South Korea, the United States and other members of a six-party group involved in nuclear negotiations with the North are working together closely to determine how to respond to the North's latest move, the Foreign Ministry said.
South Korea's government is "seriously concerned" over the North Korean move, a ministry statement said, and is urging North Korea not to further aggravate the situation. The ministry refused to disclose how it confirmed the North had began work to restore its nuclear facilities at Yongbyon.
Earlier Wednesday, Japan's public broadcaster NHK and Kyodo News agency reported that North Korea started putting its nuclear facility back together.
Pyongyang: U.S. not fulfilling obligations
North Korea said last week it had stopped disabling its nuclear reactor and threatened to restore the plutonium-producing facility, saying Washington had not held up its end of the disarmament deal because it had not removed the North from its list of state sponsors of terrorism.
In response, Washington repeated its demand that North Korea must first agree to a plan to verify an accounting of nuclear programs it submitted in June, if it wants to be taken off the list.
North Korea began disabling its nuclear plant in Yongbyon, north of the capital Pyongyang, in November.
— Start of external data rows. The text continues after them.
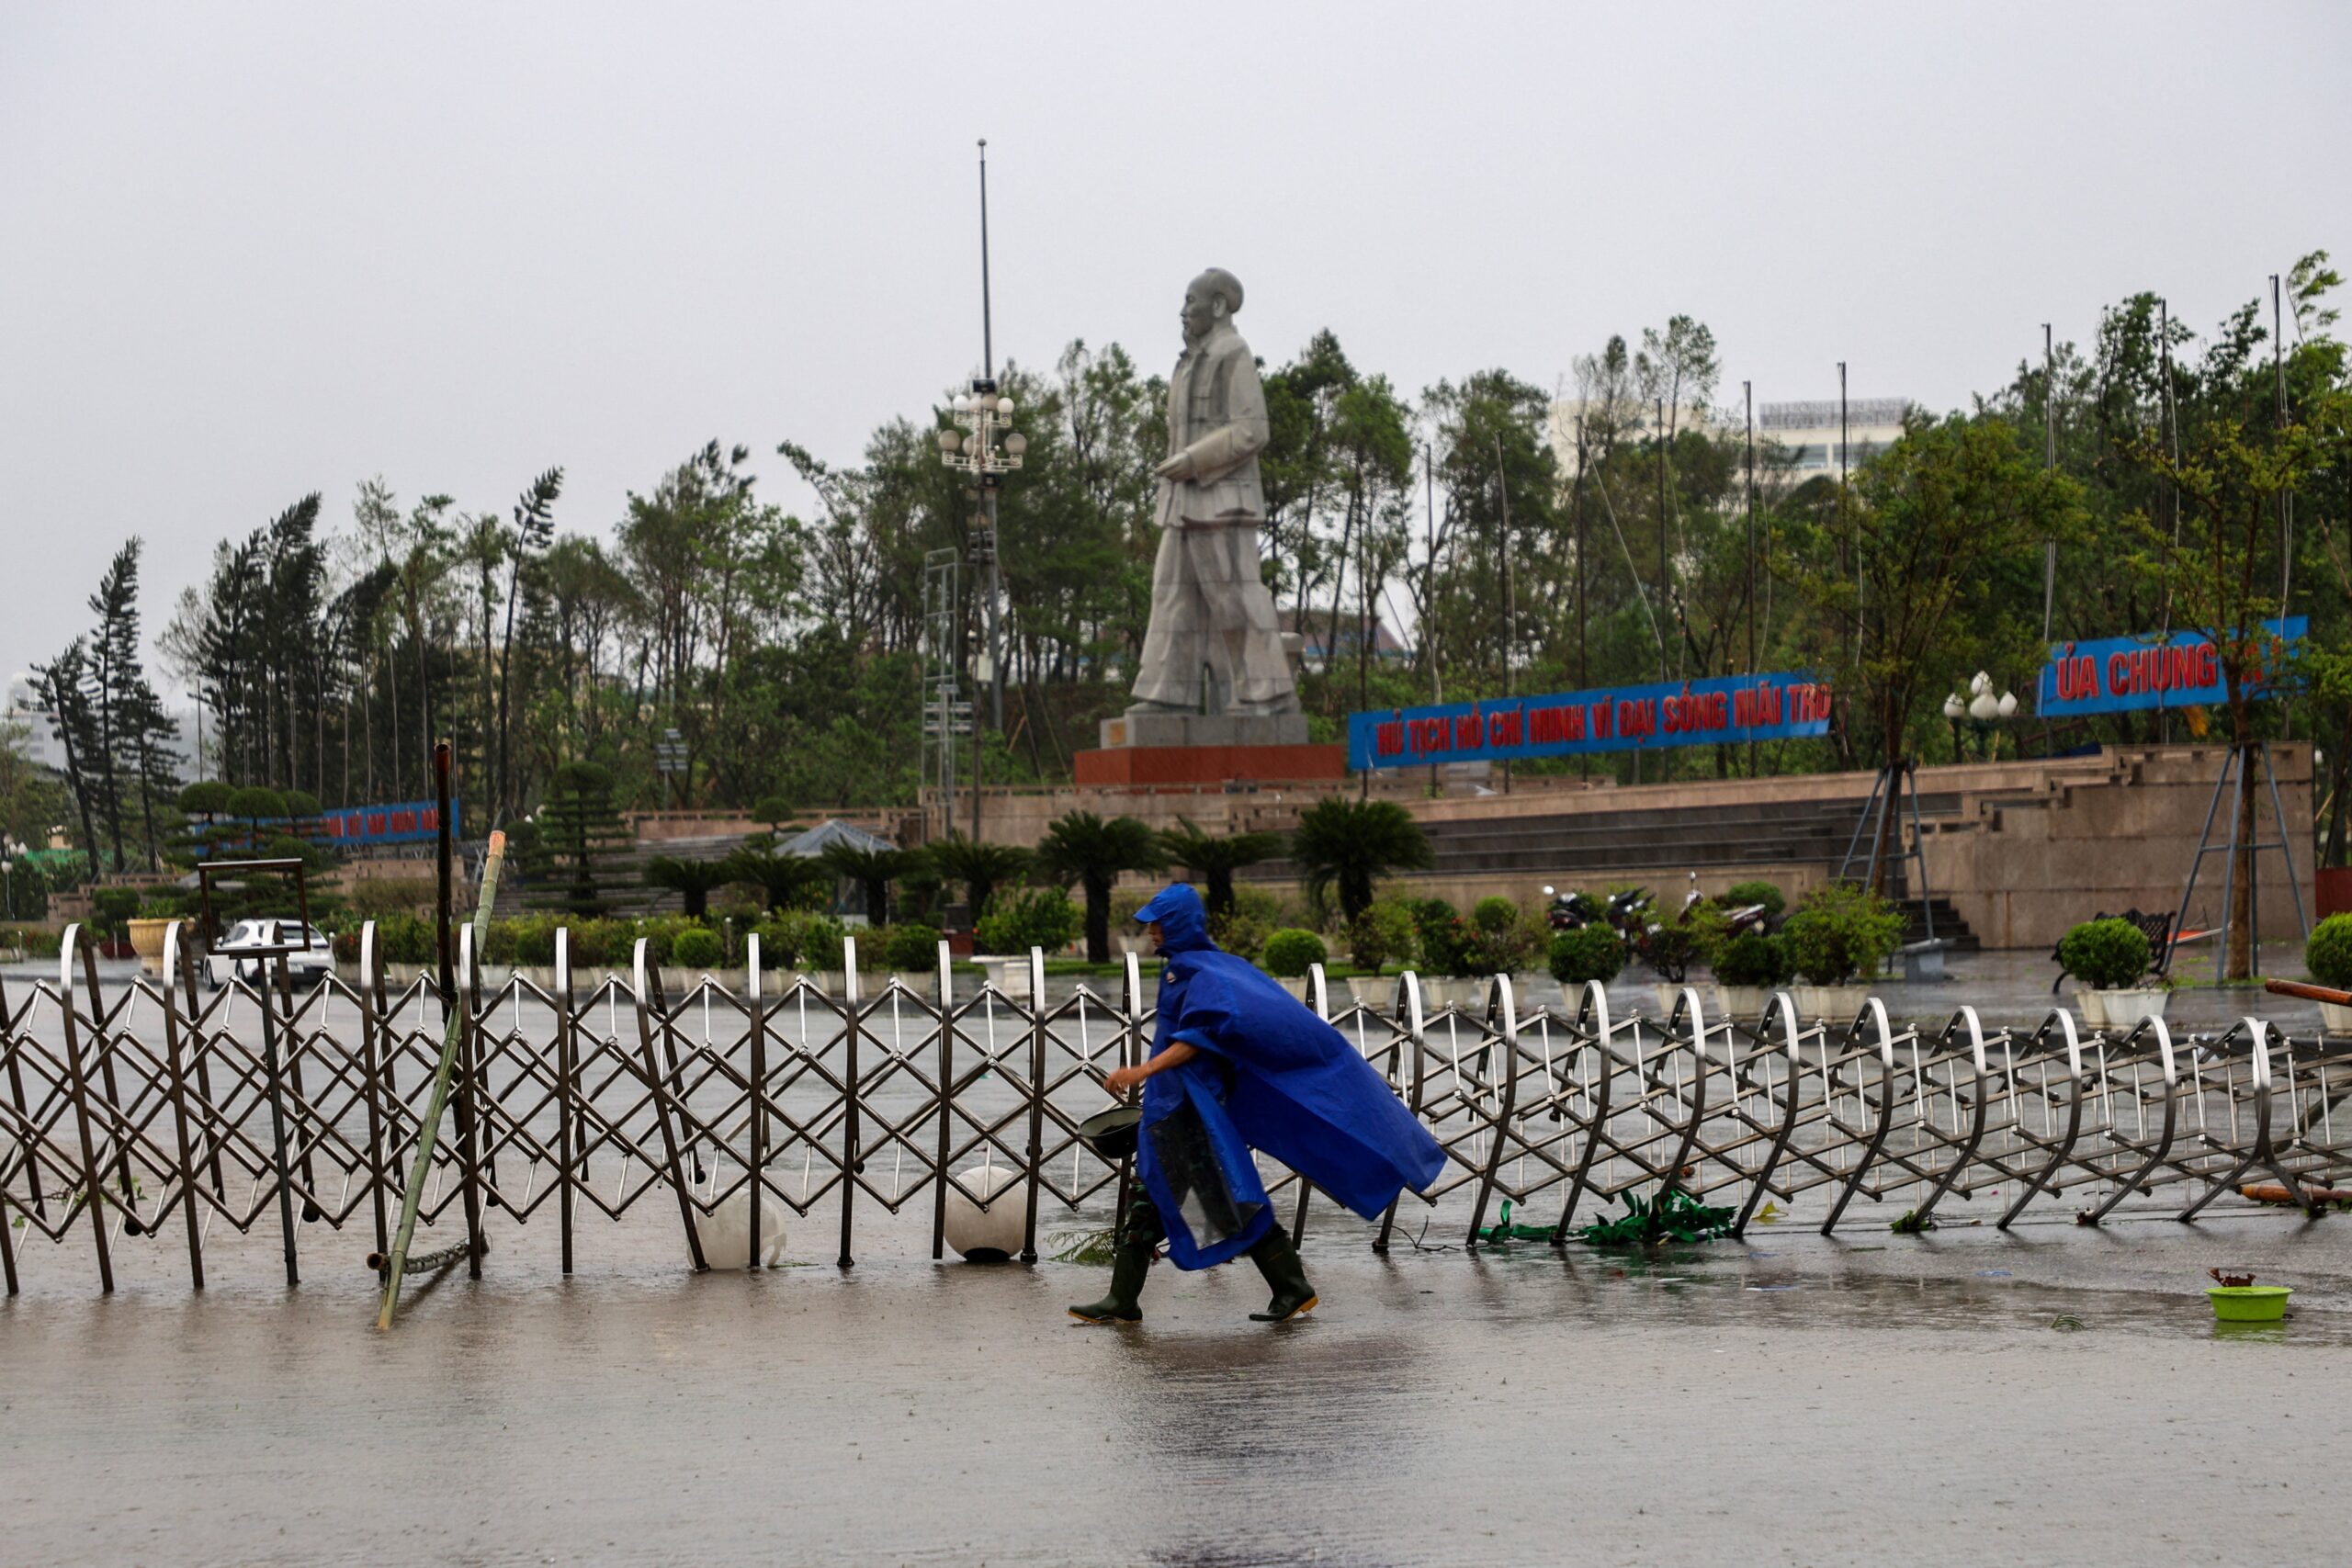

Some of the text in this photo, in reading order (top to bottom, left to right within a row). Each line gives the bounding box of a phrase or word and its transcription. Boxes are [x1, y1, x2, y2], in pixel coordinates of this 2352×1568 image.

[1408, 716, 1451, 759] TỊCH
[1488, 702, 1525, 747] CHÍ
[1529, 704, 1585, 744] MINH
[1618, 697, 1656, 744] ĐẠI
[1734, 680, 1782, 728] MÃI
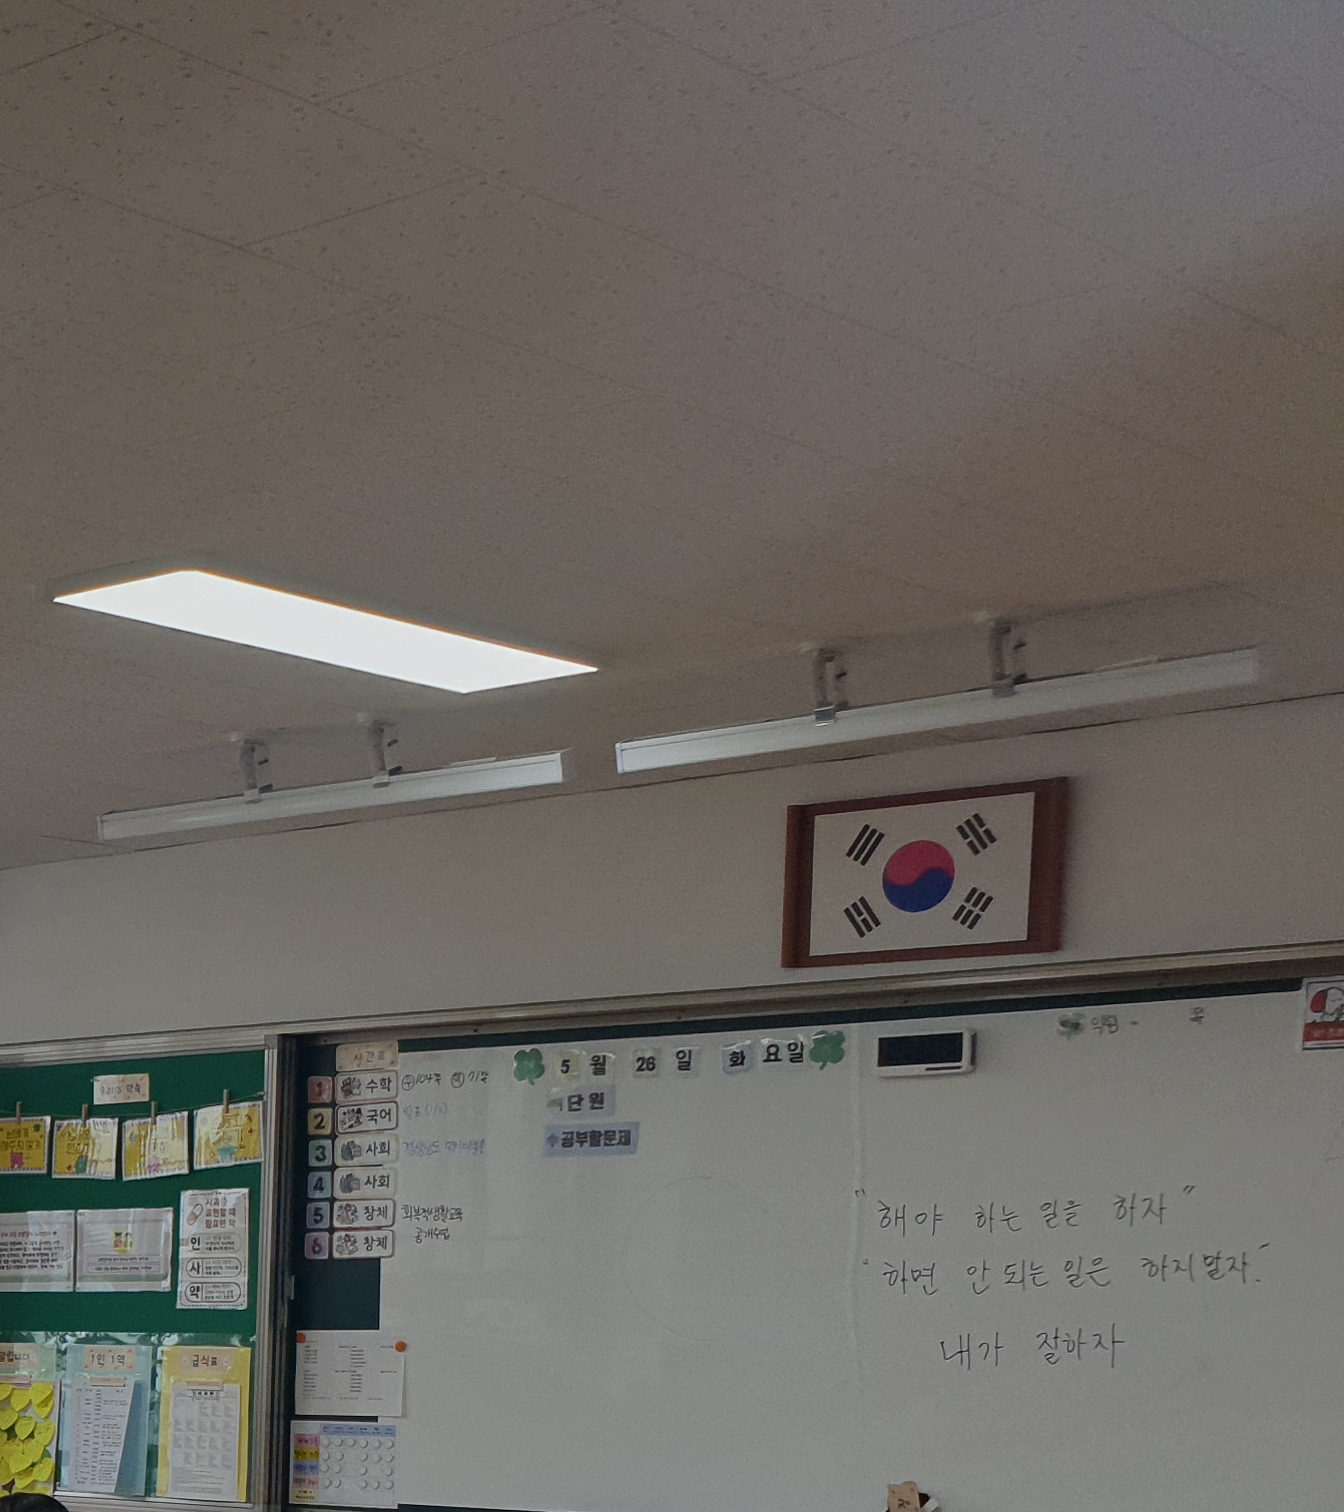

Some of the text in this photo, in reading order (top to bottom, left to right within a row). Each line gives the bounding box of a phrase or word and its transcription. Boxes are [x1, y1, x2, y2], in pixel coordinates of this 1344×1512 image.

But it slowed the work to protest a delay in the provision of promised aid from its negotiating partners.
Disarmament efforts reported major progress in June after the North submitted its long-delayed nuclear declaration and destroyed its nuclear cooling tower in a show of its commitment to denuclearization.
The United States then announced it would delist the North from the terrorism blacklist, a coveted goal of the North's cash-strapped regime.